[Image-backed grounding data]

--- START ---

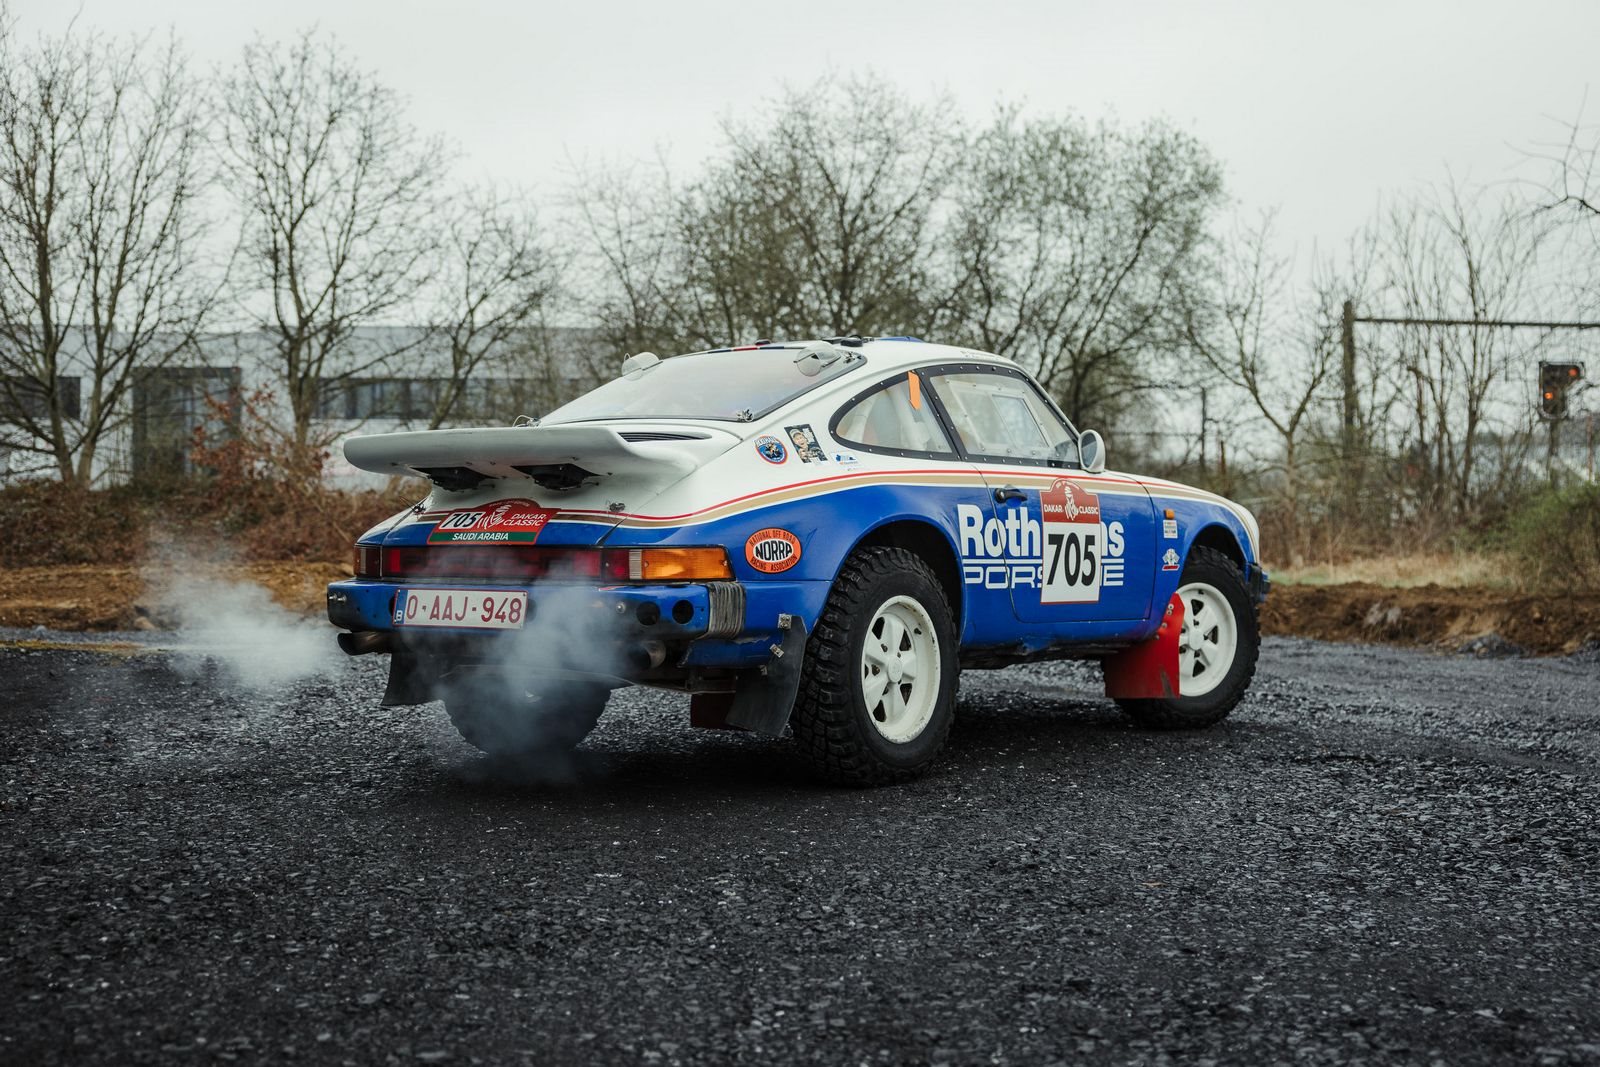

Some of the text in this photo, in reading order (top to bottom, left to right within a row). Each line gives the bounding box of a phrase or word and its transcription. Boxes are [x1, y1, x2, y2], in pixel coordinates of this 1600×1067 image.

[1044, 504, 1099, 515] DAKAR CLASSIC
[442, 512, 482, 528] 705
[503, 519, 544, 527] CLASSIC
[452, 532, 509, 541] SAUDI ARABIA
[749, 530, 772, 546] NATIONAL
[957, 504, 1125, 557] Roths
[755, 540, 792, 561] NORRA
[1046, 532, 1096, 587] 705
[963, 565, 1124, 590] PORE
[396, 610, 403, 621] B

--- END ---

Copy each entry exactly, with no pictures.

• TASK OUTPUT:
Some of the text in this photo, in reading order (top to bottom, left to right within a row). Each line gives the bounding box of a phrase or word and its transcription. Boxes are [x1, y1, x2, y2], in pixel coordinates of this 1600×1067 image.

[1044, 504, 1099, 515] DAKAR CLASSIC
[442, 512, 482, 528] 705
[503, 519, 544, 527] CLASSIC
[452, 532, 509, 541] SAUDI ARABIA
[749, 530, 772, 546] NATIONAL
[957, 504, 1125, 557] Roths
[755, 540, 792, 561] NORRA
[1046, 532, 1096, 587] 705
[963, 565, 1124, 590] PORE
[396, 610, 403, 621] B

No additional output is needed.